I spent Thanksgiving weekend, after a traditional Turkey dinner with family and friends at home, following the road to Annapolis. Last night in Paris, I spent an hour talking with the Saudi foreign minister, Prince Saud al-Faisal, catching up with him after the Arab foreign ministers' meeting in Cairo and just before he left for the peace conference. It is certainly worth knowing what's on his mind. His country sponsored the 2002 Arab peace initiative, a landmark offer of full peace with Israel in exchange for Israel's withdrawal from Arab territories. That is doubly significant, considering that Saudi Arabia has no occupied lands itself, is the custodian of Islam's holiest places, and possesses the world's largest petroleum reserves. Saud, one of the longest serving foreign ministers in the diplomatic business, is the son of a Saudi king who fought with his grandfather Ibn Saud in the 1920s in founding the modern Saudi state. He will be the highest-ranking Saudi ever to attend a peace conference with Israelis.

Saud was in surprisingly good spirits. It had been a long week but I didn't see any sign of the back problems that often bring him a lot of distress. Not that he isn't usually the consummate diplomat. I arrived 20 minutes early for our rendezvous and, dressed in a smart business suit rather than Saudi attire, he immediately began the interview. There's been a lot of political gossip about the Saudis straddling the fence about going to Annapolis, but Saud made it clear that they always intended to go, so long as the conference didn't become an embarrassing joke. We didn't discuss it last night, but the Saudis have been very wary of what they perceive as an Israeli effort to make political capital out of meeting the Saudis without having any intention of using the connection to help make peace.
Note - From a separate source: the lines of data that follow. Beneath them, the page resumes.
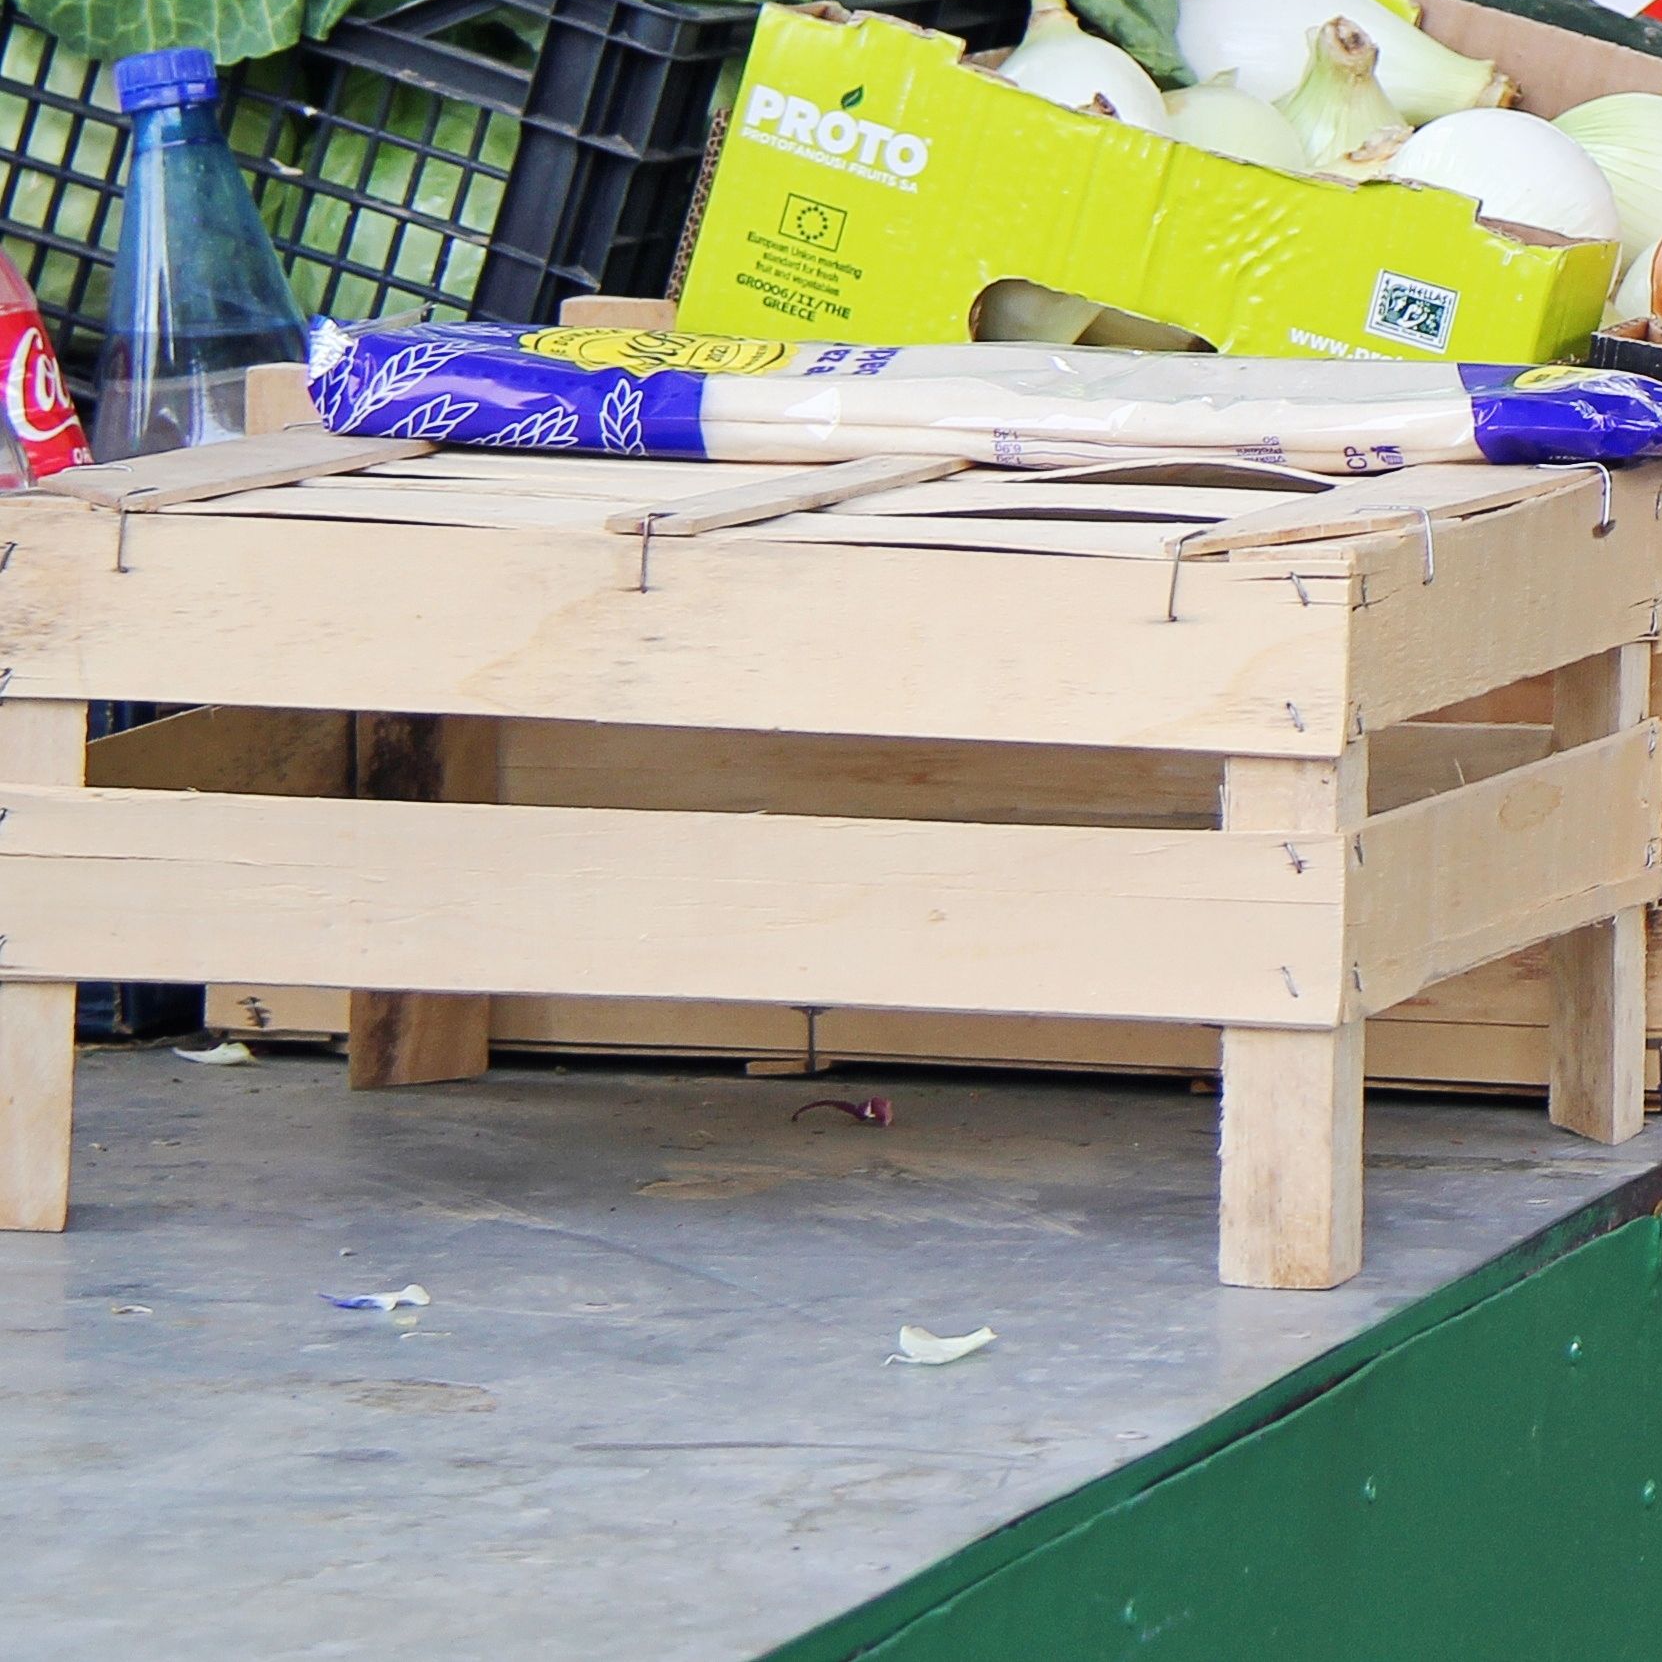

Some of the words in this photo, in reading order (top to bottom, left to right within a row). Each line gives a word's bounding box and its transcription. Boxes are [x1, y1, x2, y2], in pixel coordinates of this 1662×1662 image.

[744, 84, 928, 177] PROTO
[849, 161, 897, 188] FRUITS
[747, 230, 789, 252] European
[791, 244, 816, 262] Union
[818, 257, 862, 279] marketing
[763, 252, 801, 270] standard
[802, 264, 814, 275] for
[816, 267, 839, 282] fresh
[755, 260, 773, 274] fruit
[774, 268, 791, 280] and
[793, 275, 840, 296] vegetables
[763, 295, 816, 322] GREECE
[1408, 284, 1449, 305] HELLAS
That's probably one of the reasons he was gruff on the subject of shaking Ehud Olmert's hand in Annapolis. To most people, including me, that seems unnecessarily impolite. Whatever Olmert might get out of it, it would certainly help convince a skeptical Israeli public that the Arabs truly want peace. Despite his gracious manner, however, Saud plays hardball. He thinks the Saudi-sponsored Arab peace plan of 2002, which the Israelis ignored for five years, speaks for itself. One hopes that the Annapolis conference doesn't degenerate into one-upsmanship speechmaking, as the 1991 Madrid conference did to a certain extent. But by using the reference to the German humiliation at the Versailles peace conference, Saud signaled that the Arabs have little patience for any dancing around the issue of occupation. He couldn't have been clearer or more blunt: "Either Israel wants peace or territory. It can't have both."
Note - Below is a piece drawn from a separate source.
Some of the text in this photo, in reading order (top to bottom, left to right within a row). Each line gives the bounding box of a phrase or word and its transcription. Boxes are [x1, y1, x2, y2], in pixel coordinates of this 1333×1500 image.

It didn't make it into the published interview, but at one point I asked Saud if he was concerned that Olmert and Abbas were too weak politically to make a deal, whatever good intentions they may or may not have. He focused only on Olmert, showing some exasperation with the issue. "We have always been faced with the question, either Israel has a strong government that doesn't want peace, or a weak government that can't make peace. I hope we have moved away from that. If he is weak, let him be strong with peace. Not strong with a position for conflict and further wars."

What's clear from that and other things he said is that the Saudis are putting all their hopes and expectations on the Bush administration eventually cajoling, persuading or pressuring the Israelis into making the significant moves that the Arabs are demanding in exchange for the Arab peace plan's promise of full normalization with the Arab world. Saud expressed optimism about the conference, saying the Arabs were pleased that the parties had agreed to seek a comprehensive rather than piecemeal peace, and were impressed by Condi Rice's promise of full U.S. engagement in the peace process after a six-year hiatus in U.S. mediation efforts. Clearly Saud is less sure about what happens after Annapolis. His comments reinforced my belief that Annapolis is a significant step towards peace and that the stakes have never been higher.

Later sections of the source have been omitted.